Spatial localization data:

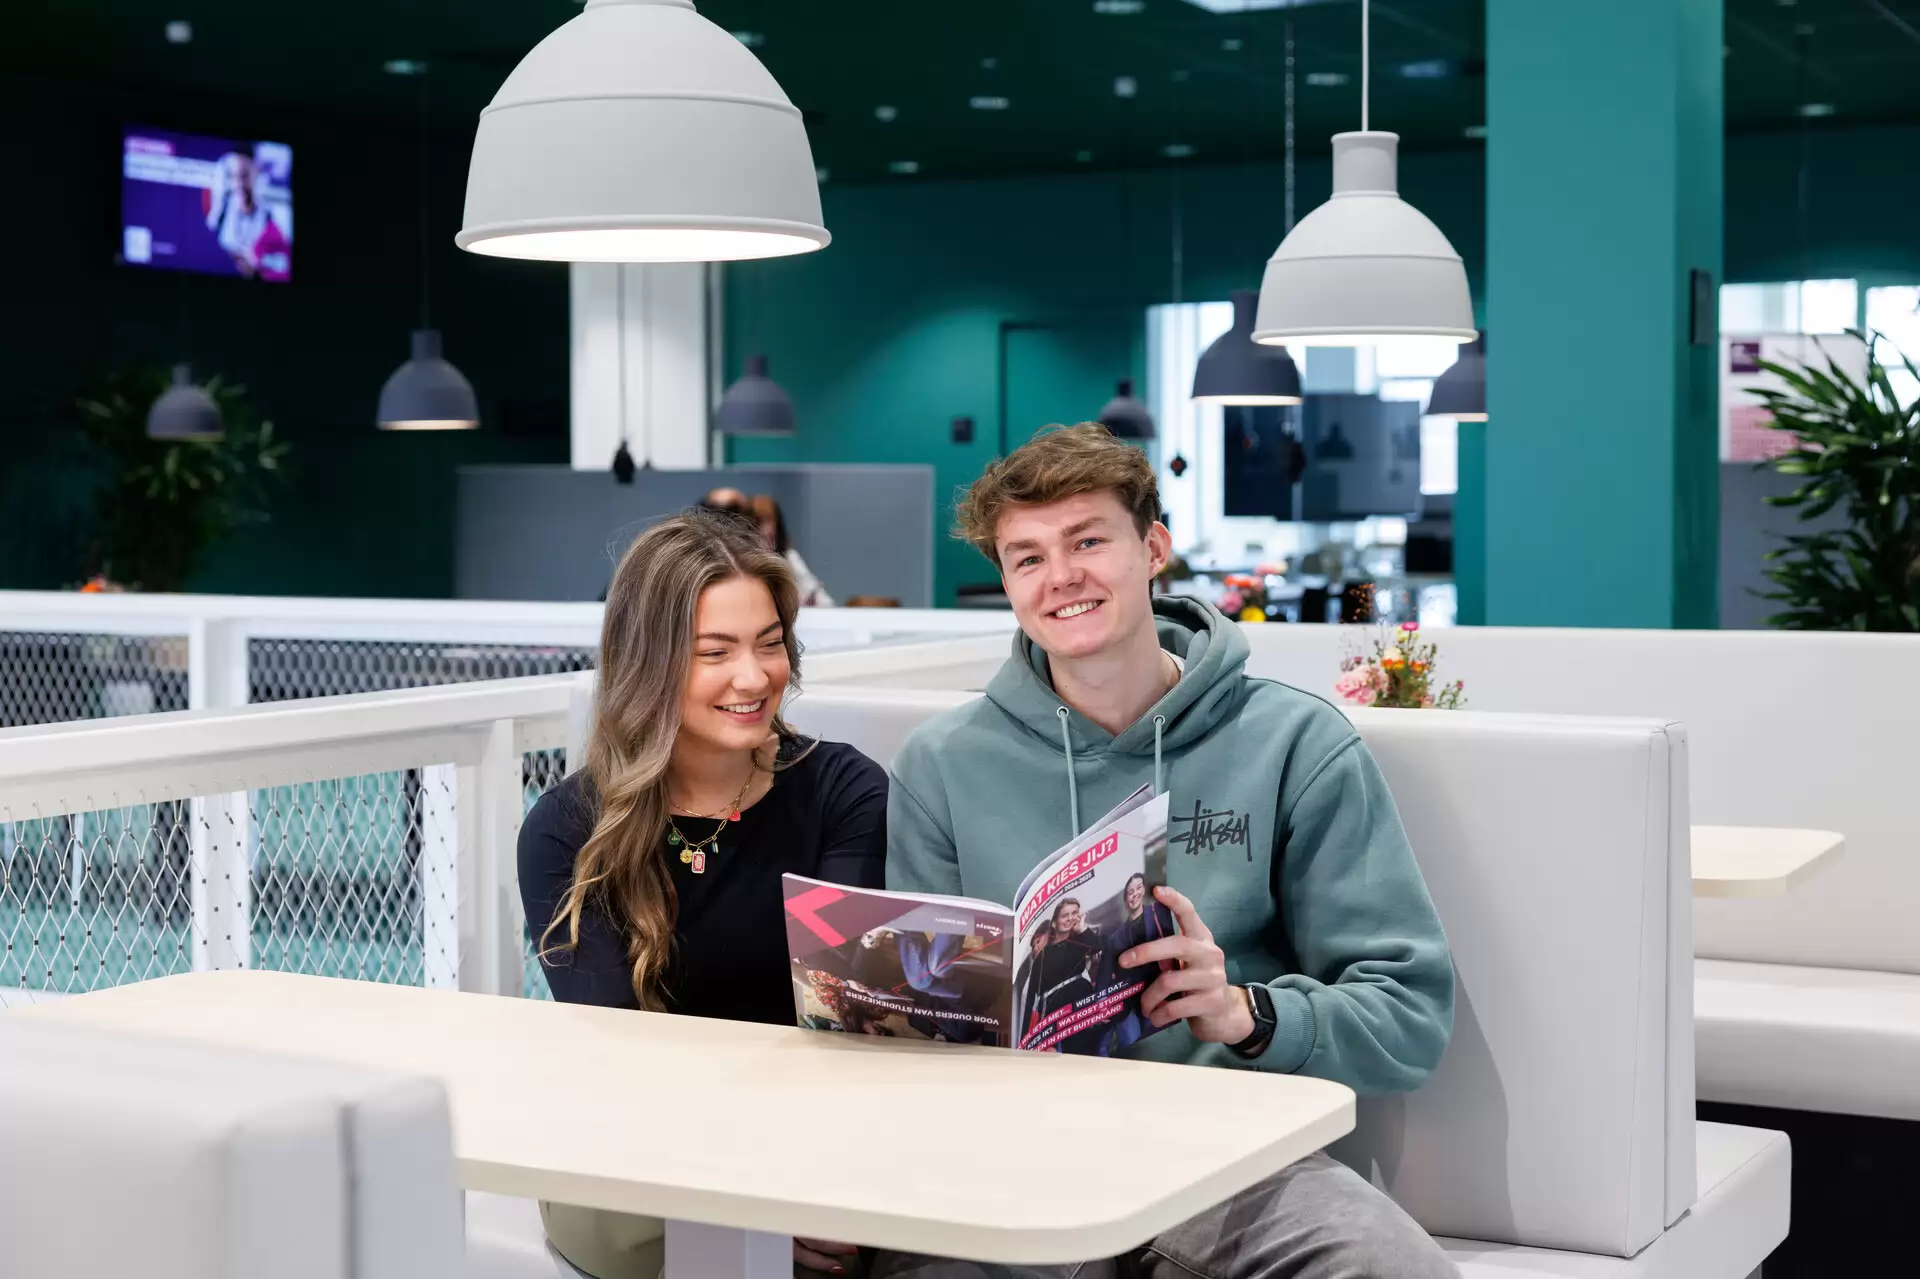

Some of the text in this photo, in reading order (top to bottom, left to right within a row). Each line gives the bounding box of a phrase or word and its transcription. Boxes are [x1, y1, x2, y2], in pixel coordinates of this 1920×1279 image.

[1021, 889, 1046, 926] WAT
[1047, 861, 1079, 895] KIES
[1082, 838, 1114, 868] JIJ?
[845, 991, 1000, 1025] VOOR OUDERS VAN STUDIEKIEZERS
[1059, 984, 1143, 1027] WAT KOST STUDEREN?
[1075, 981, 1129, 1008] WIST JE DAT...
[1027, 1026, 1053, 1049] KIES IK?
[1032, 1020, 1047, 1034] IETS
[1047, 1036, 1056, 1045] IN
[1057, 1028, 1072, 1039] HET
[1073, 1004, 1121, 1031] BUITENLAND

PROBLEM STATEMENT:
The finished copy should match the data above word for word and contain no pictures.

EXERCISE RESULT:
Some of the text in this photo, in reading order (top to bottom, left to right within a row). Each line gives the bounding box of a phrase or word and its transcription. Boxes are [x1, y1, x2, y2], in pixel coordinates of this 1920×1279 image.

[1021, 889, 1046, 926] WAT
[1047, 861, 1079, 895] KIES
[1082, 838, 1114, 868] JIJ?
[845, 991, 1000, 1025] VOOR OUDERS VAN STUDIEKIEZERS
[1059, 984, 1143, 1027] WAT KOST STUDEREN?
[1075, 981, 1129, 1008] WIST JE DAT...
[1027, 1026, 1053, 1049] KIES IK?
[1032, 1020, 1047, 1034] IETS
[1047, 1036, 1056, 1045] IN
[1057, 1028, 1072, 1039] HET
[1073, 1004, 1121, 1031] BUITENLAND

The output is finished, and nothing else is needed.